Por tanto no muere el cuerpo, sino muere el ser humano y deja de existir después de la muerte como persona constituida de cuerpo y espíritu. Viendo, por tanto, al ser humano como una unidad estricta, la cuestión de si la muerte es para el hombre un mal, debe ser afirmada necesariamente. La separación de los dos principios constitutivos del hombre debe ser para su naturaleza un mal absoluto, porque ella solo es real como naturaleza entera. Con la muerte termina la existencia de la naturaleza entera. Para el cuerpo esto significa la conversión de un organismo vivificado en una masa muerta, en un aglomerado de asociaciones moleculares. En cambio, para el alma la separación del cuerpo lleva consigo que ya no puede realizar la función que le es propia. Sin embargo, la muerte es para ella –a diferencia del cuerpo– solo un mal relativo, no un mal absoluto. El alma pierde toda relación con el ambiente, que le había sido proporcionada por medio del cuerpo, y es herida, porque permanece orientada hacia el cuerpo. Por eso ya no puede actualizar varias de sus capacidades. Pero a pesar de eso puede encontrar todavía su meta suprema y poseer y disfrutar de los bienes que le son propios. Y aquí se señala un punto de vista teológico que es importantísimo: se puede decir que en cierto sentido la separación del cuerpo es para el alma un bien mayor que la unión con él, en cuanto el cuerpo se encuentra en estado de degeneración y corrupción progresivas.

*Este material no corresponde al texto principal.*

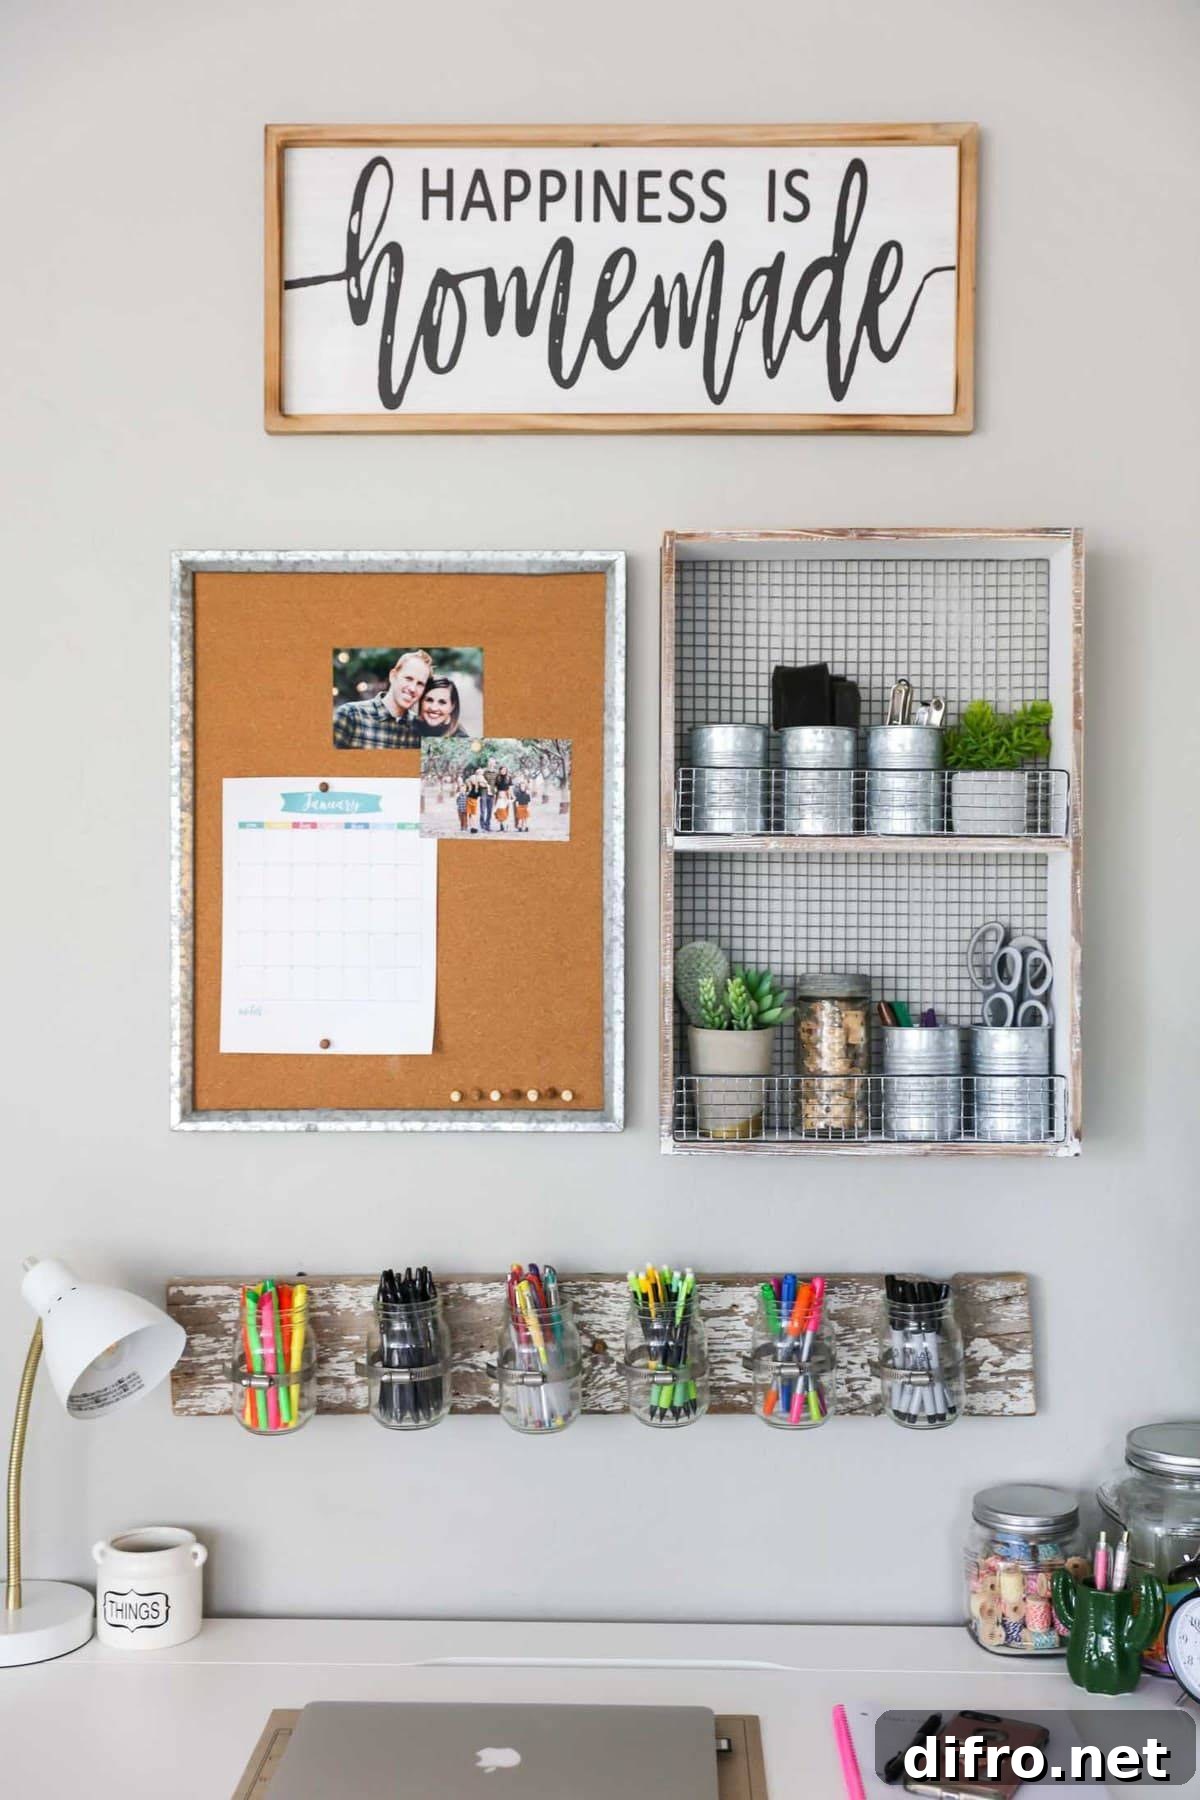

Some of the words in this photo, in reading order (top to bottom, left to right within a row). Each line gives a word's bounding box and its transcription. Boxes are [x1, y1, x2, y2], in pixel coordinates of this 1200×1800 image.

De todas formas hay que señalar que, considerando al hombre como una persona viva constituida de cuerpo y espíritu, y teniendo en cuenta la doctrina revelada de que la muerte es un castigo, debe afirmarse, en contra de la filosofía de la Ilustración, que la muerte no es la separación de algo que siempre había estado desconectado. Tampoco puede concebirse la muerte como una liberación.
En la teología protestante moderna se han presentado fuertes reservas hacia la doctrina tradicional de la inmortalidad, reservas que conducen en última instancia a la denominada «teoría de la muerte total». Esta teoría dice que el hombre muere a la vez con cuerpo y alma. De este modo los teólogos que la defienden pretenden quitar al hombre la falsa seguridad de un no creyente. Esta teoría es la reacción de la teología dialéctica y existencial contra el dogma central de la Ilustración: la inmortalidad del alma. No pocas veces llegan a afirmar, los que reaccionan así contra la Ilustración, que con la adopción de la doctrina sobre la inmortalidad, la teología católica se ha alejado de la visión judeo-bíblica original sobre la totalidad del hombre. Que eso no es verdad, al menos para la Alta Edad Media, ya se ha explicado con el ejemplo de santo Tomás de Aquino.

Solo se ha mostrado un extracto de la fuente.